**AVAILABLE DATA:**
::::::
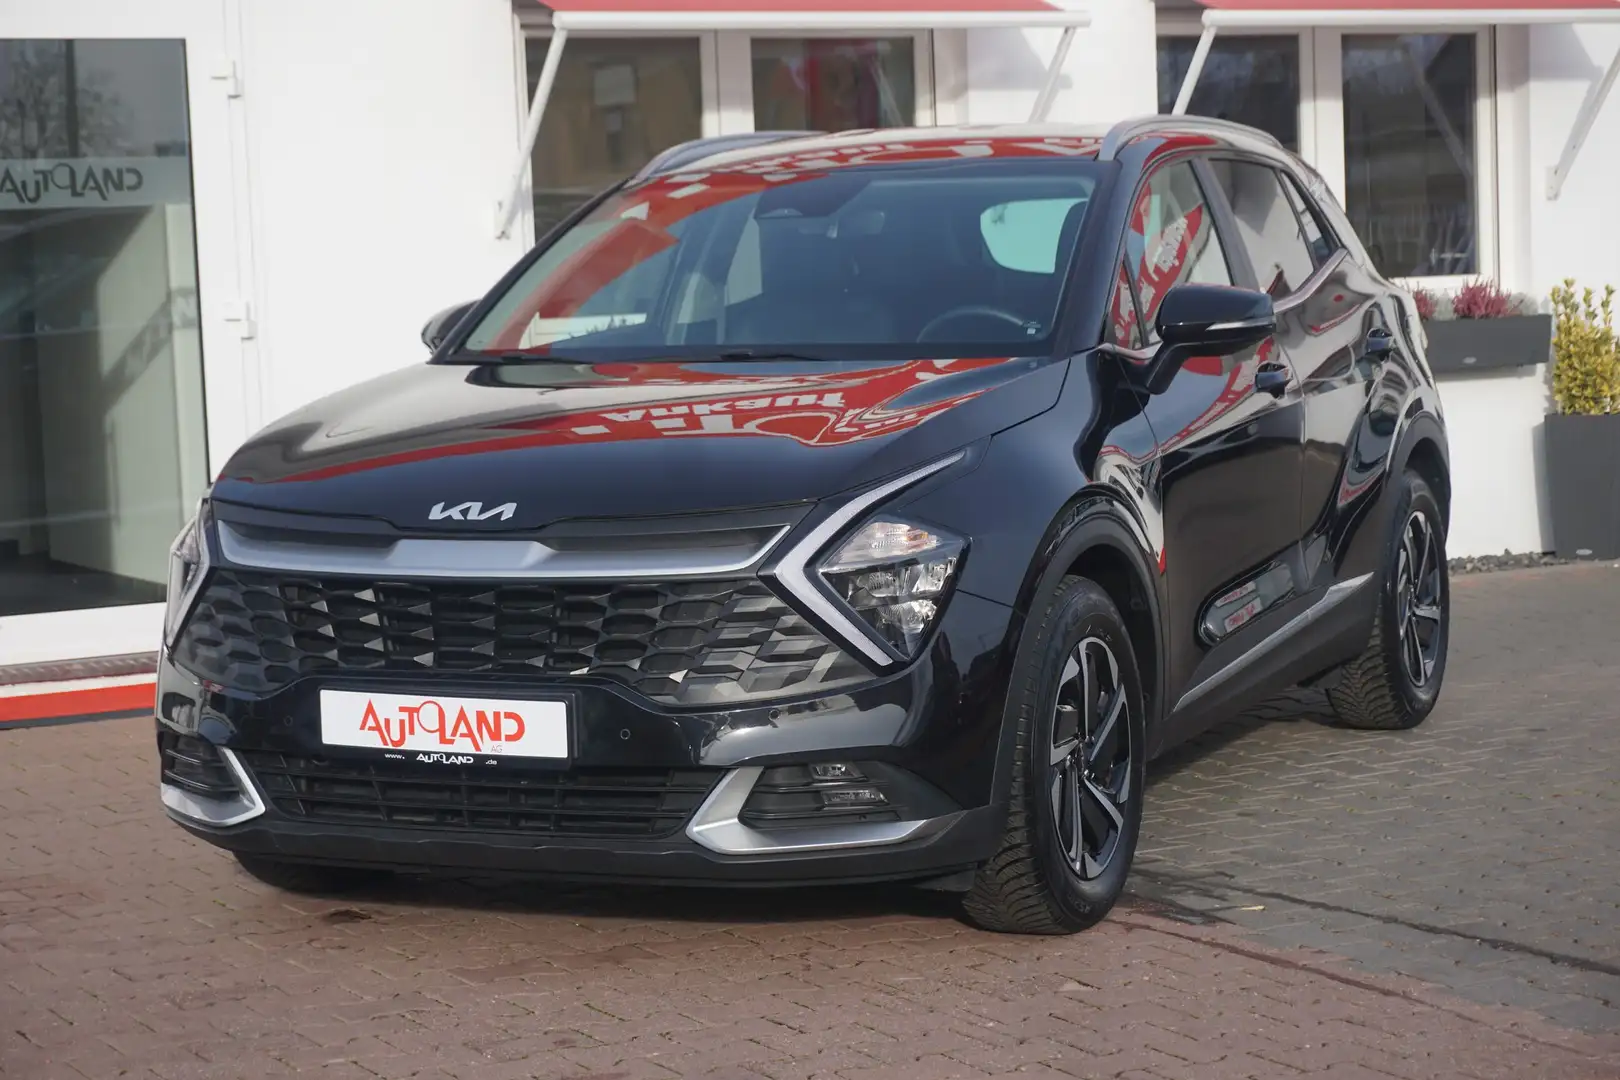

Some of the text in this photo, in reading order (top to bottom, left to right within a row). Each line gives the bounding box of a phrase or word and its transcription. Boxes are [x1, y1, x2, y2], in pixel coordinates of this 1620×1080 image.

[0, 163, 143, 204] AUTOLAND
[428, 501, 518, 521] KIA
[359, 699, 526, 752] AUTOLAND
[416, 753, 474, 765] AUTOLAND
[491, 745, 503, 754] AG
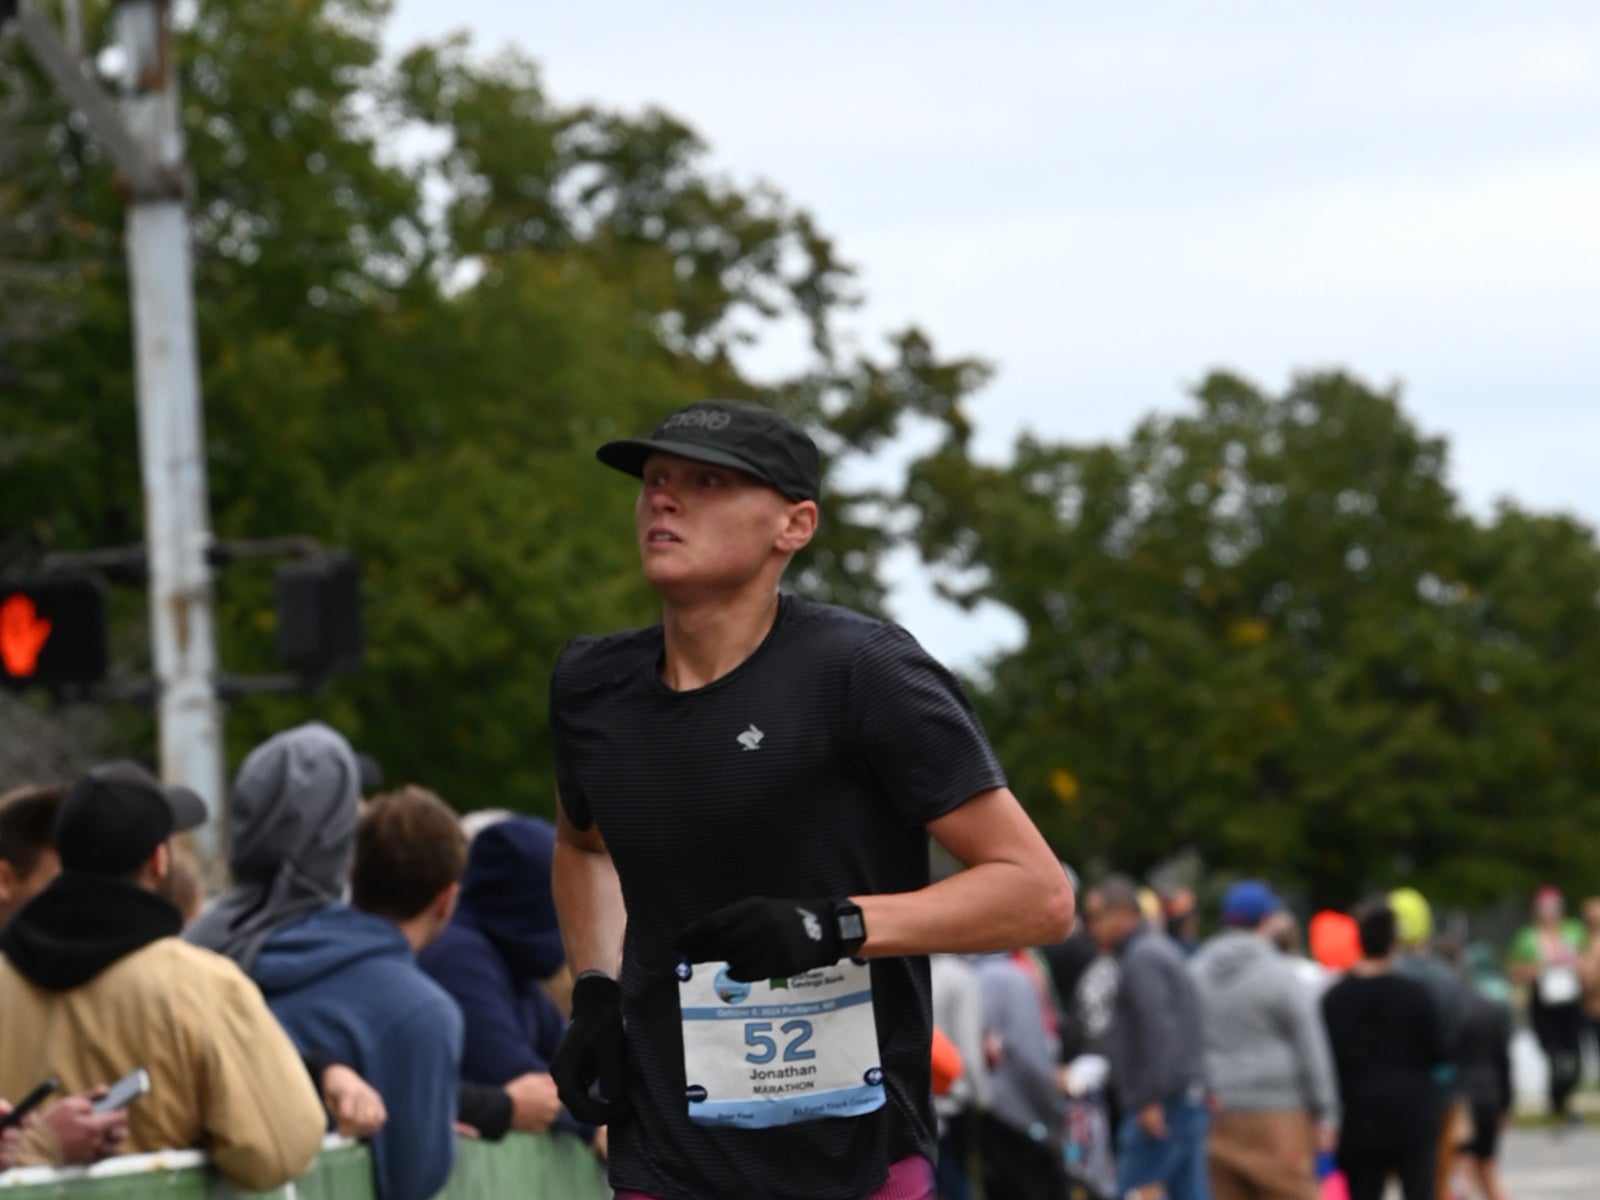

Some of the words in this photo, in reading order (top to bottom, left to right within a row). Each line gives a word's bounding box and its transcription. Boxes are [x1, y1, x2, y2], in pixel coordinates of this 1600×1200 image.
::::::
**YOUR TASK:**
Any picture found in the records stays out, while everything else is copied exactly.

**WRITTEN SOLUTION:**
Some of the text in this photo, in reading order (top to bottom, left to right within a row). Each line gives the bounding box of a phrase or word and its transcription. Boxes are [x1, y1, x2, y2], in pixel coordinates of this 1620×1080 image.

[0, 163, 143, 204] AUTOLAND
[428, 501, 518, 521] KIA
[359, 699, 526, 752] AUTOLAND
[416, 753, 474, 765] AUTOLAND
[491, 745, 503, 754] AG

Some of the words in this photo, in reading order (top to bottom, left to right within a row). Each line gives a word's bounding box and its transcription. Boxes are [x1, y1, x2, y2], in pixel coordinates of this 1600×1200 image.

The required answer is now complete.